This time, Wendell Carter Jr. really is set to break out
Carter should benefit the most out of any player from the Bulls' coaching change
If there is one player that should benefit the most from Billy Donovan replacing Jim Boylen, it’s Wendell Carter Jr. It has been obvious to outside critics how underutilized Carter has been by the Bulls (Carter was also draft twitter guru Cole Zwicker’s pick for breakout player last year), and Donovan’s track record with how he uses big men should be a godsend for Carter.
Carter’s career arc thus far has been fairly mediocre. He’s established himself as a good but foul-prone defender, an extremely solid rebounder, and a low-usage offensive player that scores mostly on putbacks and rolls to the rim. He is capable of so much more, and his talent was wildly suppressed because of the role that he was playing under Boylen.
It’s easy to say that Carter has been overhyped since coming into the NBA, and the above description is actually who he really is. It is also completely ignoring the circumstances and nuance around his situation.
Carter’s potential was evident before Boylen mangled his career. He showed flashes of shooting, hitting 41 percent of his 3’s on only 1.2 attempts per game at Duke along with 43 percent of his 3’s in summer league on 1.4 attempts. His 3-point shot has pretty much completely disappeared under Boylen, but his playmaking was the most tantalizing part of his offensive repertoire and that has been his most underused skill at the pro level.

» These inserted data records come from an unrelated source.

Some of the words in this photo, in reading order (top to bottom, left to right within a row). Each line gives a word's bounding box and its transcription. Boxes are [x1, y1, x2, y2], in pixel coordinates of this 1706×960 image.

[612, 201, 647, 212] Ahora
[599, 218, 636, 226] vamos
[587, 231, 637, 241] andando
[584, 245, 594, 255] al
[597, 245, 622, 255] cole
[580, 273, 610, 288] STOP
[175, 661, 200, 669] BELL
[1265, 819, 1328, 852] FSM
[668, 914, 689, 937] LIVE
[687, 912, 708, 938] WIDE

All it takes is watching a minute of his college passing highlights before you start to wonder why Carter hasn’t been a hub of Chicago’s offense. The Bulls finished 29th in the league in efficiency and solidly in the bottom third in passing over each of his two seasons. You’re telling me that the Bulls couldn’t use any of this?
Carter did show some of that shooting and passing ability in his rookie year, both in a dominant summer league and the 24 games that he played under Fred Hoiberg. But once Boylen took over, his numbers totally shifted. He no longer even looked at the basket to shoot jumpers, and he was never put in a position to make sophisticated passing reads.
I went back and watched all of Carter’s paltry 51 assists last year. It didn’t take long. The vast majority came off one-option dribble handoffs (Carter would mechanically hand the ball to Zach LaVine) or offensive rebound kickouts.
Carter’s assists to the rest of his teammates on set plays were almost nonexistent. He assisted Lauri Markkanen only four times all season, a seemingly impossibly low number. Those two were supposed to be the perfect tandem for each other, but the fit has been clunky under Boylen. Not once did Carter throw a high-low pass to Markkanen for an assist, which was a staple of Duke’s offense with Marvin Bagley and a read that Carter is great at. Boylen essentially took one of his best decision-makers and turned him into a ballboy on offense, corralling loose balls and handing them back to one designated player.
This will change under Donovan, based on how he has coached over the past 24 years. Carter has gone from one of the least innovative coaches in Boylen to one that has a proven history of utilizing passing from his big men. Donovan coached slick-passing big man Al Horford at Florida, and his work with Steven Adams and Nerlens Noel this past season shows exactly what he plans to do with Carter.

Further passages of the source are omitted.